After introducing Brian Calley at a town hall in Grand Rapids, Rick Snyder spoke like the corporate CEO he once was talking up some newly discovered talent in his company. At 33 years old, Calley might be considered young for the job of lieutenant governor. But Snyder says he's fine with it.
"I think 33's a great age," Snyder says. "He's had good private business experience. He's been a successful community banker, so great private sector experience and good legislative experience. And the other part of this is you shouldn't look at just age. This is how we build for the future is we get great young people involved in the process, and so we need more and more great young people like Brian."
Calley's experience includes working as a commercial banker in mid-Michigan before he was elected to the state House almost four years ago. He built a reputation as an expert on tax policy, and someone who could easily work with Republicans and Democrats.
He helped Snyder develop his proposal to replace the Michigan Business Tax with a corporate income tax. But he's also run into some criticism as one of the authors of the Michigan Business Tax. Calley says he did the best he could under the circumstances.
"I looked at it as we needed someone in the room who was fighting for small business and although I was badly outnumbered and there was no way it was going to come out how I wanted it to, at the end of the day we recognized the importance of small business in this state," Calley says.
Bill Ballenger is the editor of the newsletter "Inside Michigan Politics." He says Calley should not cause Snyder any political headaches - and that's the first rule of choosing a running mate.
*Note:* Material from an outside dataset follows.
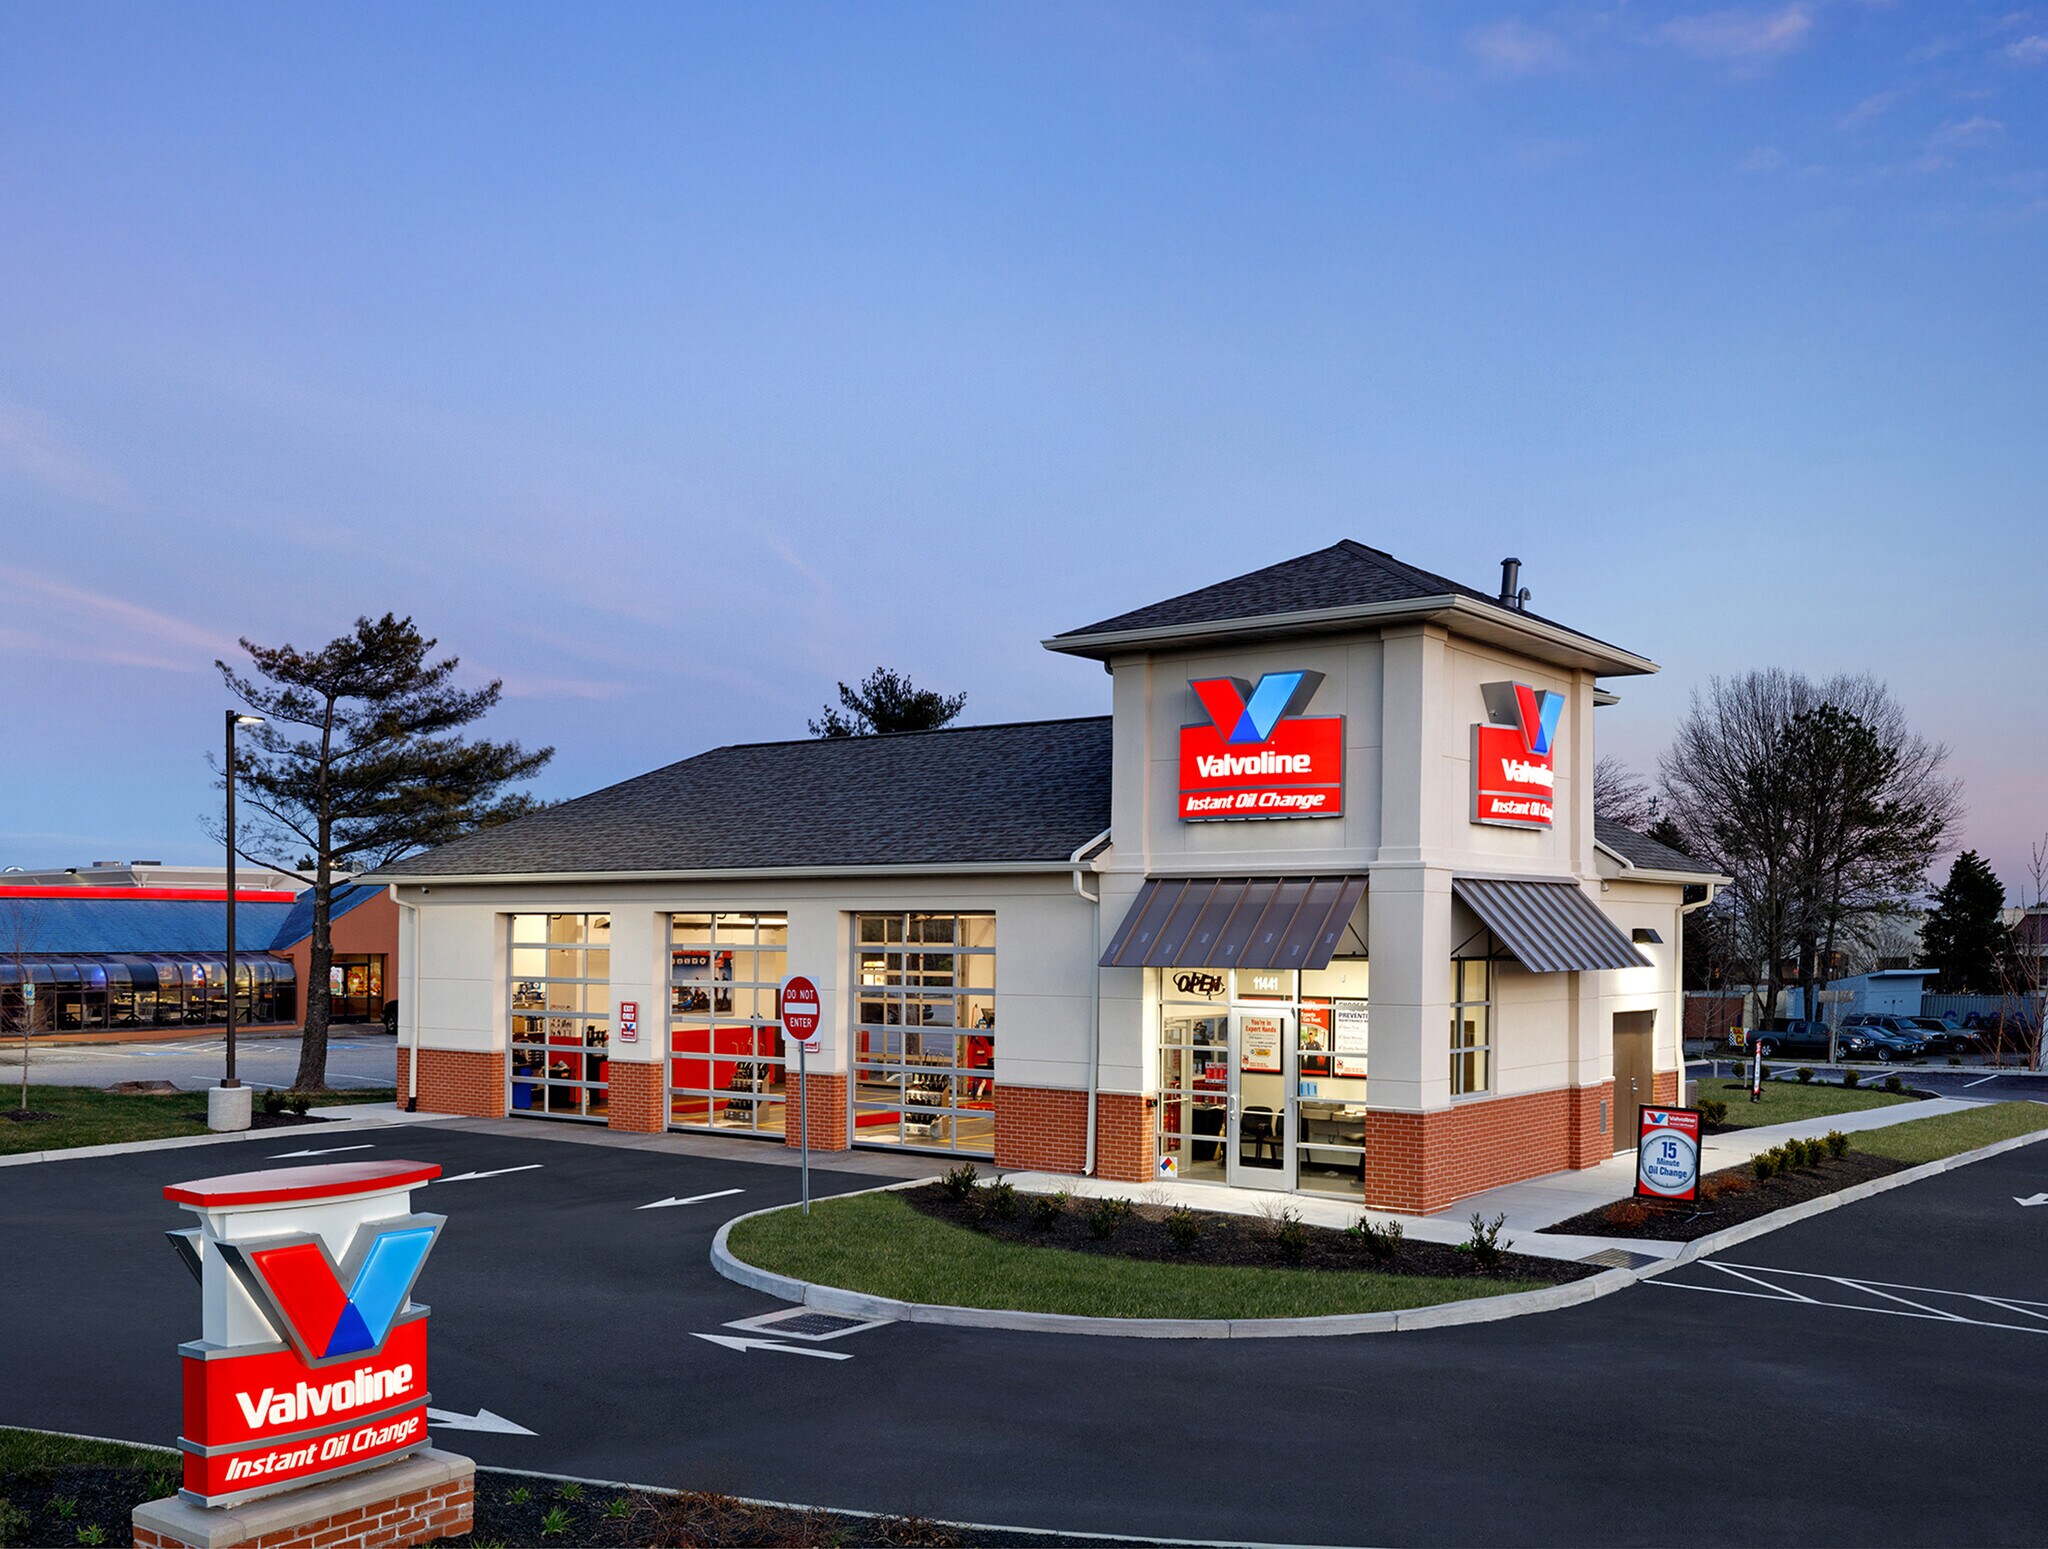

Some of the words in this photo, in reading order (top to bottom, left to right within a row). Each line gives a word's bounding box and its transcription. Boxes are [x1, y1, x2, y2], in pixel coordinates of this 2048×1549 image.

"Do no harm," Ballenger says. "I don't think there's anything about Brian Calley that's going to send up red flags to anybody anywhere within the party, within the news media, within the electorate. I think he's a very solid guy."
Calley's' not well known outside Lansing or his mid-Michigan district. He does not bring a regional base of support with him. But he is a proven campaigner who just won a hard-fought state Senate primary against an opponent who tried to portray Calley as too soft on core conservative issues. Snyder faces similar criticisms within his party, especially on social issues. He favors allowing abortions for victims of rape and incest and to protect a women's health. And he is for embryonic stem cell research.
Ballenger says Calley could serve as Snyder's bridge to suspicious conservatives.
"You look at Calley's record, you look at his rhetoric and it's hard to say that he's not very solidly conservative," Ballenger says.
Calley has a 100% anti-abortion voting record in the Legislature. And that was welcome news to Michael Lessens who showed up at the Grand Rapids town hall sporting a button.
"It says, Defend the helpless. Vote pro-life,'" Lessens says.
Lessens, who supported another candidate in the GOP primary, he says probably would have voted for Snyder anyway. Democratic nominee Virg Bernero is a fervent supporter of abortion rights. But Lessens says Calley's presence on the ticket makes him more comfortable with his decision.
"Brian Calley can actually give him a little bit more of an education on what's the pro-life position that says, there should be no exceptions, no compromises," says Lessens.
Calley's expected to have no trouble winning the support of the state Republican convention this coming weekend, where delegates will also choose t he balance of the GOP ticket, including candidates for attorney general, secretary of state, and the Michigan Supreme Court. Snyder says he will stay out of those races and leave the choices to the delegates.